1. What is Insync Corporate Healthcare Ltd (ICH)?
We are an independent occupational health provider. Occupational health is a specialist branch of medicine focused on maintaining health and wellbeing in the workplace. Occupational health specialists (nurses and doctors) are trained to provide advice on work-related illnesses and accidents, fitness for work including pre-placement screening and assessing employees for fitness for work after a period of sickness absence. They also can provide health surveillance to help monitor wellness in the workplace, together with general advice on health and wellbeing, stress at work and ill health retirement.
Further information about us can be found at www.insynchealth.co.uk
2. Why do we process personal data?
Our occupational health specialists give advice to organisations on all aspects of occupational health.
3. What information do we process?
Organisations or other occupational health providers pass us information about workers so that we can arrange appointments and undertake relevant assessments. The information we are given may include names, addresses, national insurance numbers, employment details and telephone and email contacts. We need to make sure that our assessments are undertaken with the right person and will ask individuals to confirm some of the details we have been given and may request further evidence to confirm identity, such as photographic evidence, if so copies will be added to the occupational health record.
The nature of what we do means that we also collect personal medical information.
4. What information is released?
The workers formal consent is required to provide any information to an employer or third party. The occupational health specialist will discuss the outcome of the assessment and the information that they aim to send to the employer/third party in order for the worker to make an informed decision regarding the release of information.
5. Are we allowed to do this?
We have identified our lawful use of such data under the EU General Data Protection Regulations (GDPR) Articles – 6.1(f) Legitimate Interests and special category 9(2)(h) for purposes related to the provision occupational health services.
6. Is the information discussed at the appointment confidential?
All information given to us is kept securely and maintained in accordance with the data protection legislation1, and guidance produced by the General Medical Council and the Faculty of Occupational Medicine concerning confidentiality and privacy.

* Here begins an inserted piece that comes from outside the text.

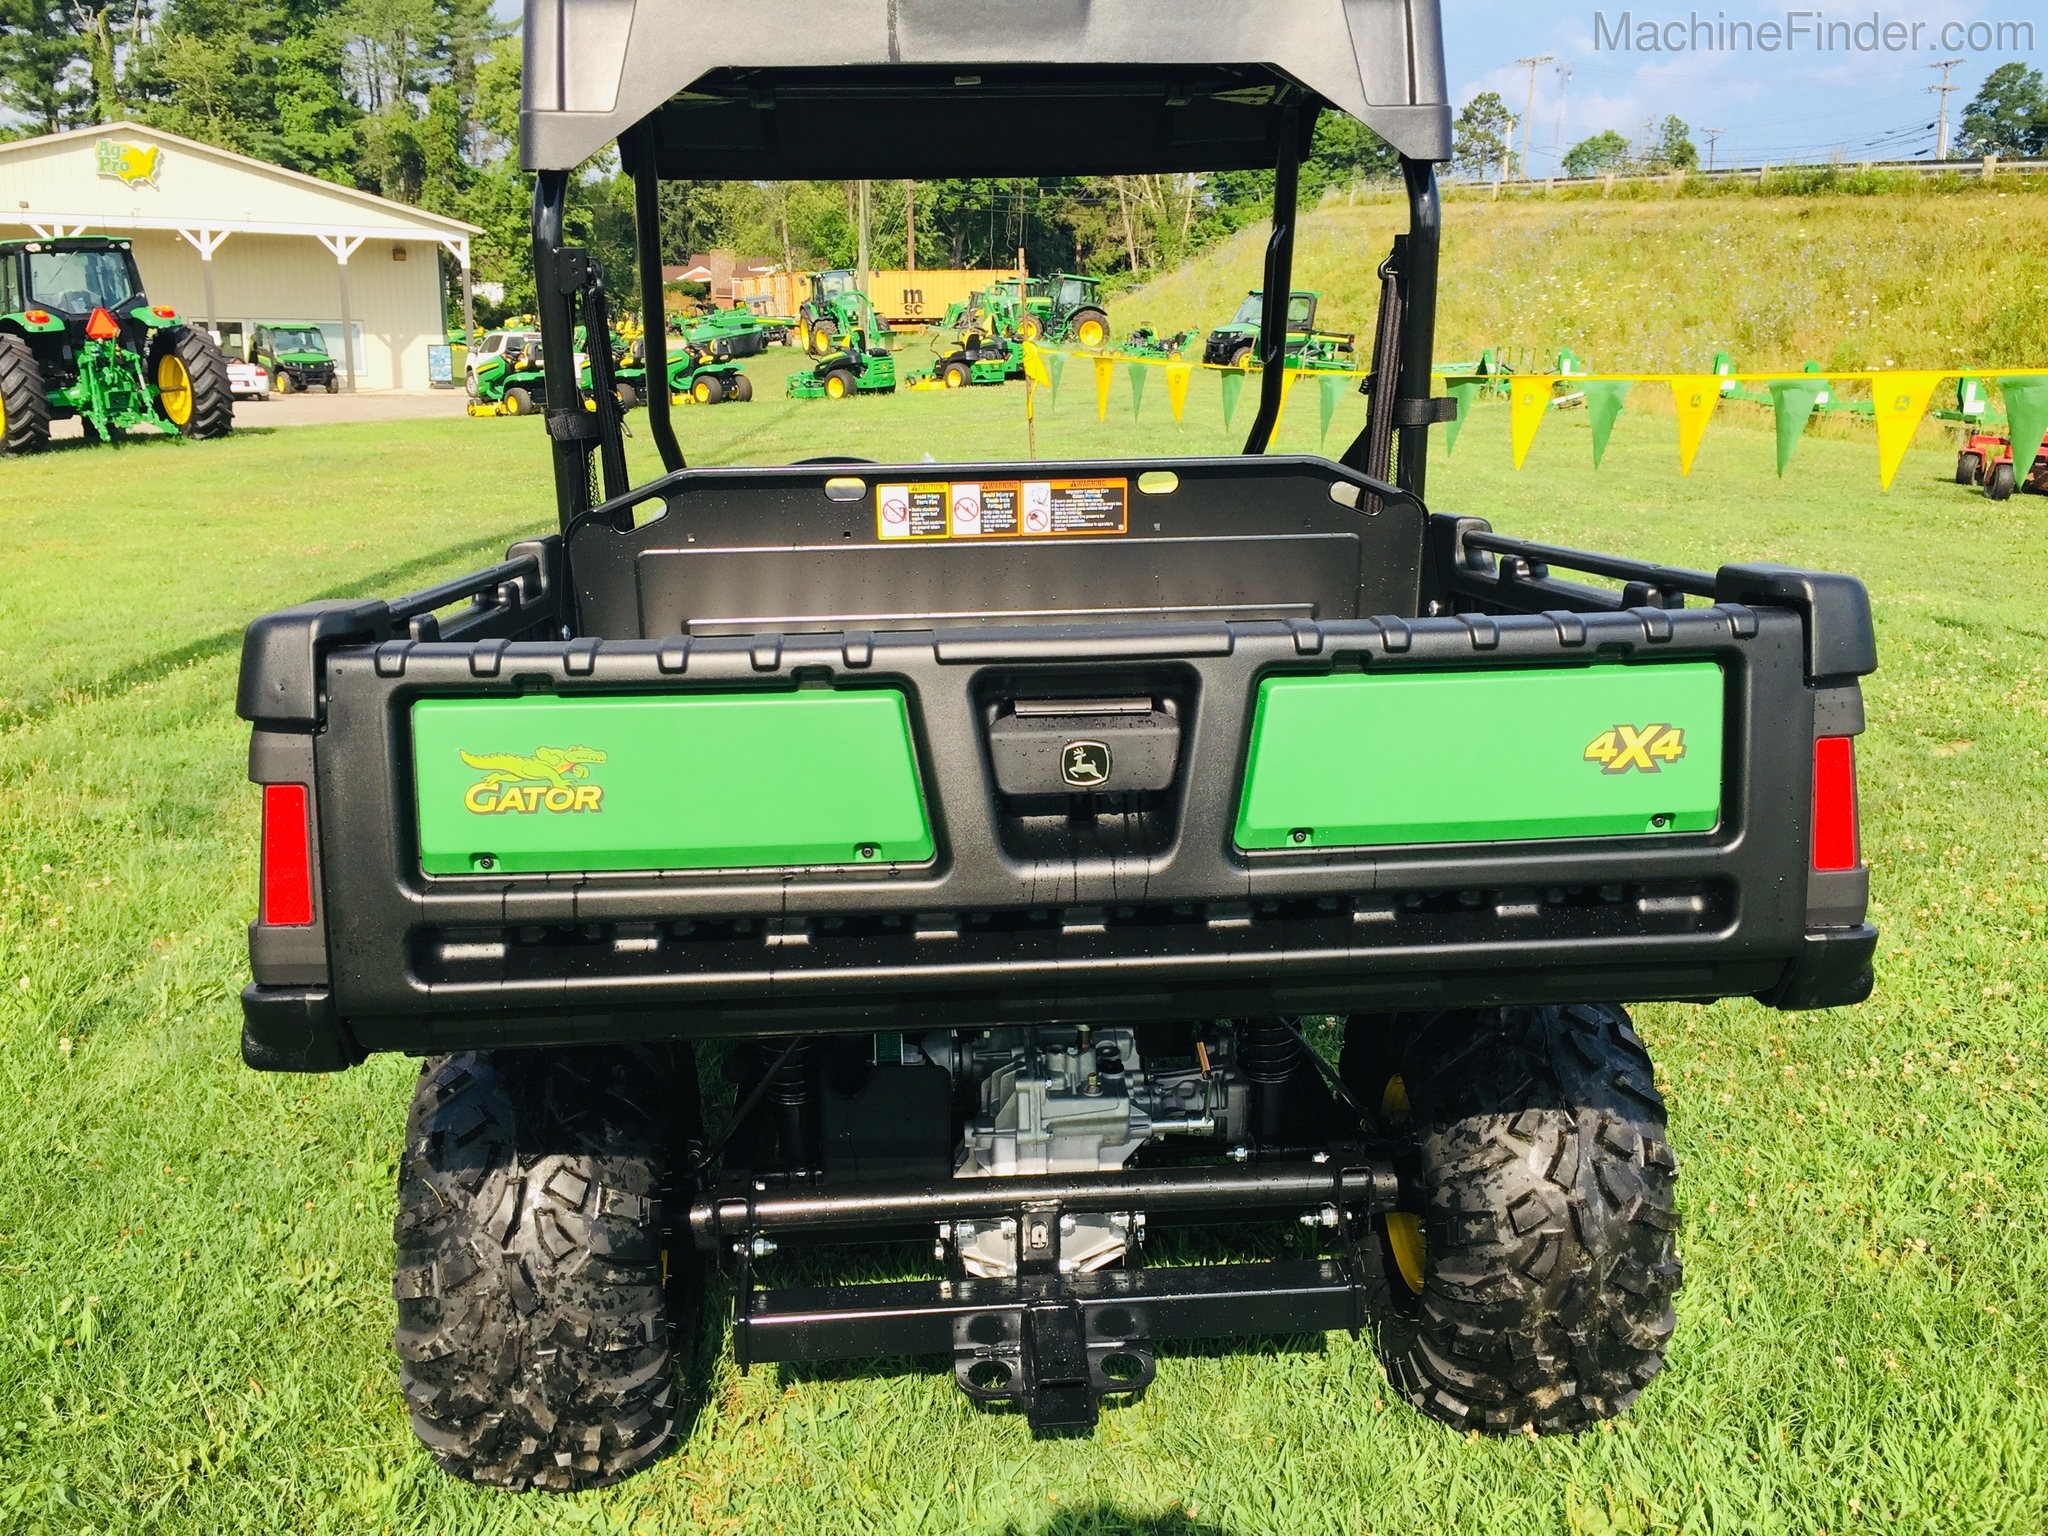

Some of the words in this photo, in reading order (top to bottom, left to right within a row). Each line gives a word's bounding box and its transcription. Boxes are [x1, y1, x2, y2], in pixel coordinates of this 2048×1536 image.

[98, 141, 128, 159] Ag-
[99, 157, 130, 171] Pro
[464, 782, 604, 815] GATOR

It will only be accessed by ICH’s staff and clinical team for the purpose of providing occupational health services. The information will not be passed to any third party without the workers consent. At the end of our contract with the employer/organisation, workers will be informed of the new provider of occupational health services and the method for transfer of occupational health records.
Whilst workers remain in employment with the company medical documents will be held securely by ICH only being deleted 10 years (for case management), 40 years (if health surveillance has been undertaken) or 50 years (if statutory health surveillance has been undertaken) after the last entry in the notes once the worker has left the company. Our record retention policy is in keeping with our medical malpractice insurance, recommendations for best practice in the field of occupational health and relevant statutory requirements.
Workers have the right to request a copy of the information that we hold about them at any time during their employment.
Copies of some or all of personal information can be requested from our administration team, who are also able to help with making sure that personal information is accurate and up to date; workers can ask us to correct or remove information they think is inaccurate.
The administration team can be contacted at firstname.lastname@example.org, or by writing to Insync Corporate Healthcare ltd, Excalibur Drive, Thornhill, Cardiff CF14 9BB.
7. How is the data shared and stored?
Paper records are securely locked away and can only accessed by personnel approved by ICH and/or occupational health specialists.
Electronic occupational health records are held in a secure bespoke cloud based database that is accessible by authorised users and managed by Probase Applications ltd. The database is ISO 27001 compliant and certified under the Cyber Essentials scheme.
Microsoft Office 365 is our email platform and we ask organisations to make sure that information is transferred to us securely. When sending information to organisations we encrypt documents containing personal data and confirm the identity of the recipient before releasing any details. Requests for information on paper are protectively wrapped and marked before sending by secure and signed for delivery.
1 Data Protection legislation means any applicable law, and/or related issued judicial guidance, relating to the processing, privacy and use of personal data, including the GDPR and/or any corresponding or implementing national laws or regulations.